Aber was wäre, wenn der Vergleich doch richtig wäre? Wenn es im Kosovo tatsächlich ein »zweites Auschwitz« gäbe? An diesem Punkt geben wir Fischer und Scharping recht: Die Geschichte hat gezeigt, daß der NS-Völkermord erst durch die militärische Gewalt der Alliierten beendet, daß die Befreiung erst durch die bedingungslose Kapitulation erreicht wurde, auch wenn die Alliierten weniger von humanitären als von machtpolitischen Motiven geleitet wurden.
Aber: die Alliierten hatten damals schon im Vorfeld versagt. Die Alternative zur Appeasement-Politik wäre nicht sofortiger Luftkrieg gewesen, wie uns die heutigen Kriegstreiber weismachen wollen, sondern die systematische Isolierung Nazi-Deutschlands. Wirtschaftssanktionen, Solidarität mit der demokratischen Regierung in Spanien gegen die Franco-Putschisten, Schließung der Ford-Fabriken, Unterstützung der antifaschistischen Opposition. Nicht einmal zu einem Olympiaboykott hat es damals gereicht.
Der »Auschwitz-Vergleich« und die »Berliner Republik«
Der aktuelle »Auschwitz-Vergleich« paßt zu den Bemühungen um eine »Normalisierung« Deutschlands (die sich auch an der aktuellen Debatte um ein Holocaust-Mahnmal in Berlin ablesen lassen).
Wenn Milosevic Hitler gleicht, wenn die Serben im Kosovo eine Endlösung planen oder durchführen, dann verlieren die deutschen Verbrechen 1933-1945 ihre Einzigartigkeit. Wenn es überall »Hitlers« gibt, dann ist Deutschland ein ganz normales Land, dann hat Deutschland eben seine historischen »Schattenseiten« wie andere Länder auch.
Andererseits bekräftigen Scharping und Fischer ja gerade eine deutsche Sonderrolle, wenn sie immer wieder an die NS-Verbrechen erinnern. Deswegen vermeiden die meisten Konservativen die Gleichsetzung »Milosevic = Hitler«, weil sie den NS am liebsten vergessen würden.
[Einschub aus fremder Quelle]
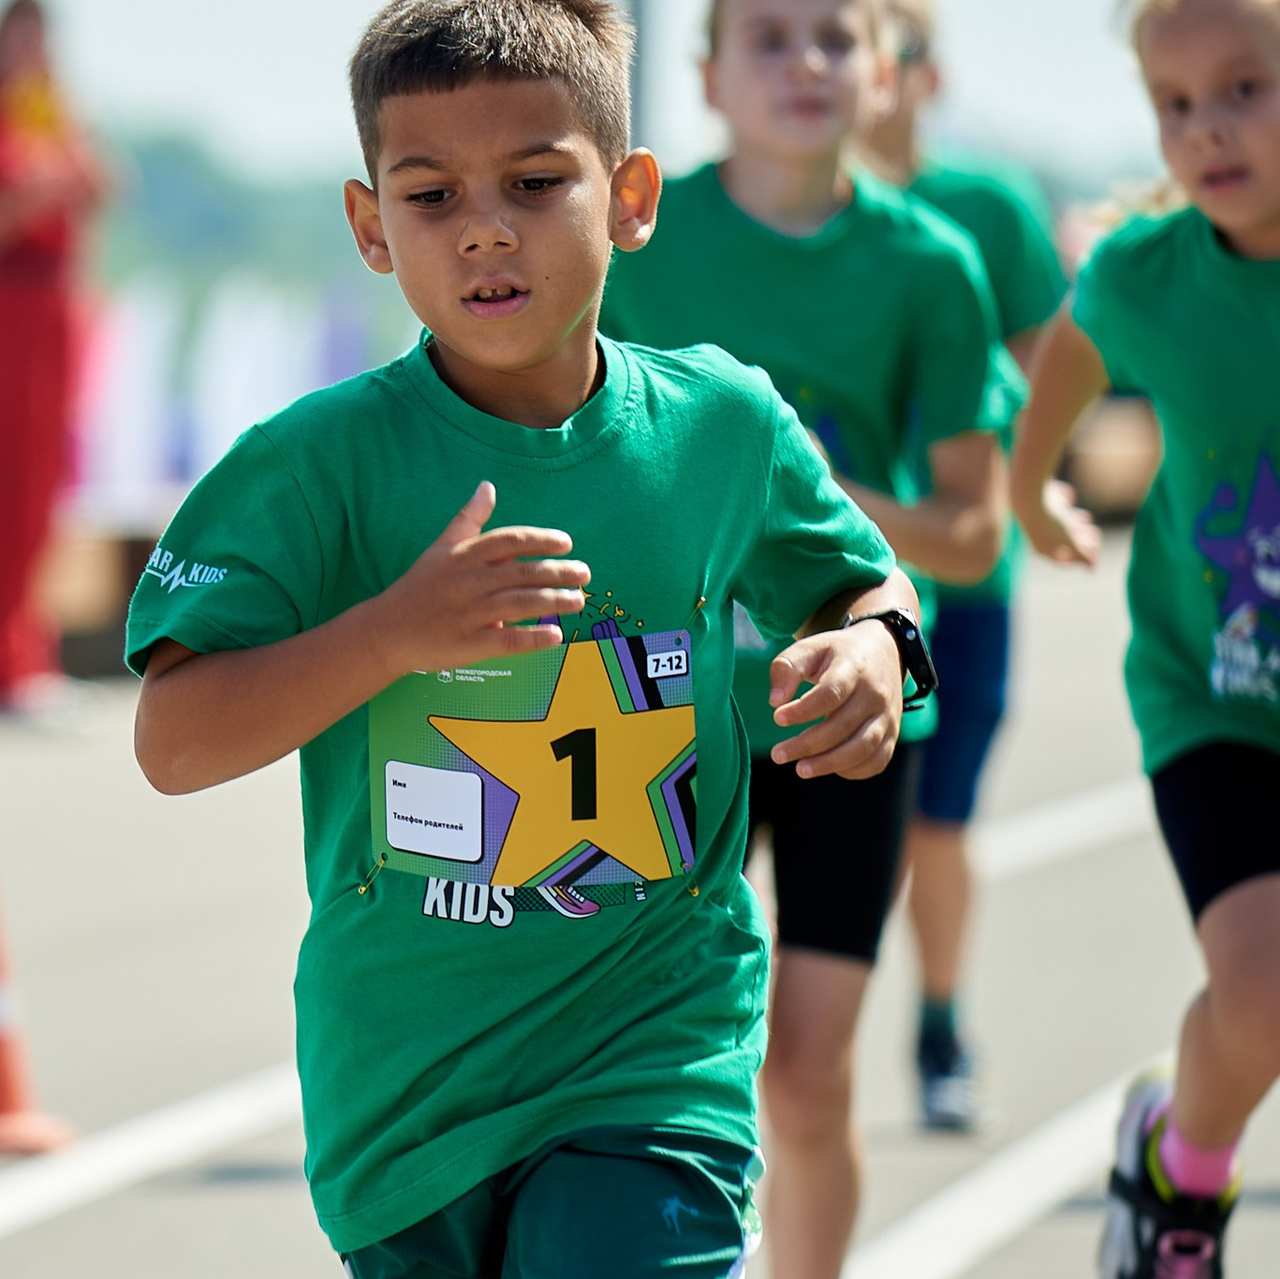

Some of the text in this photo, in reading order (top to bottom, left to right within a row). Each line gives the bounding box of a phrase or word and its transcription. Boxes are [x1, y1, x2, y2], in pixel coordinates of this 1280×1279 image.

Aber wahrscheinlich hat der »Auschwitz-Vergleich« nun ohnehin seine Schuldigkeit getan. Mit Scharping und Fischer ist das deutsche Militär jetzt antifaschistisch geworden und hat sich mit Verspätung auf die Seite der Alliierten geschlagen. Damit ist Deutschland jetzt eine normale Großmacht, wie die USA, Frankreich oder England eben auch und braucht beim nächsten Mal zur Legitimation keine »Hitlers« mehr.
Auch nach innen sind die Tabus gebrochen. Das grundgesetzliche Verbot eines Angriffskrieges als eine Konsequenz aus der Nazigeschichte ist praktisch aufgehoben. Für künftige »humanitäre Interventionen« wird die antifaschistische Begründung nicht mehr benötigt.
Wohl kaum jemand dürfte über die aktuelle Gleichsetzung »Vertreibung = Völkermord« mehr Genugtuung empfinden als die deutschen Vertriebenenfunktionäre. Denn wenn die Vertreibung im Kosovo »Auschwitz« gleicht, dann gilt dies auch für millionenfache Flucht und Vertreibung der Ostdeutschen 1944/45. Für diese Gleichsetzung haben die Revanchistenverbände über 50 Jahre lang gekämpft, jetzt wird sie ihnen von Rot-Grün geschenkt.
Die Entsorgung der Geschichte hätte die alte Bundesrepublik nie geschafft. Die CDU (zumindest ihre Stahlhelm-Fraktion) verkörperte die Nazi-Kontinuitäten in der BRD. Ihnen hätte niemand (weder im Inland noch im Ausland) die »Nie wieder Auschwitz«-Parolen abgenommen. Dagegen präsentieren sich die Rot-Grünen als geborene AntifaschistInnen. Die »Alt-68er« Schröder, Fischer, Scharping und Co. präsentieren jetzt »Nie wieder Auschwitz« als ihr »Lebensmotto«.
Dieselbe Bundesregierung feilscht derweil mit den wenigen überlebenden ZwangsarbeiterInnen um ihre Rechtsansprüche auf Entschädigung.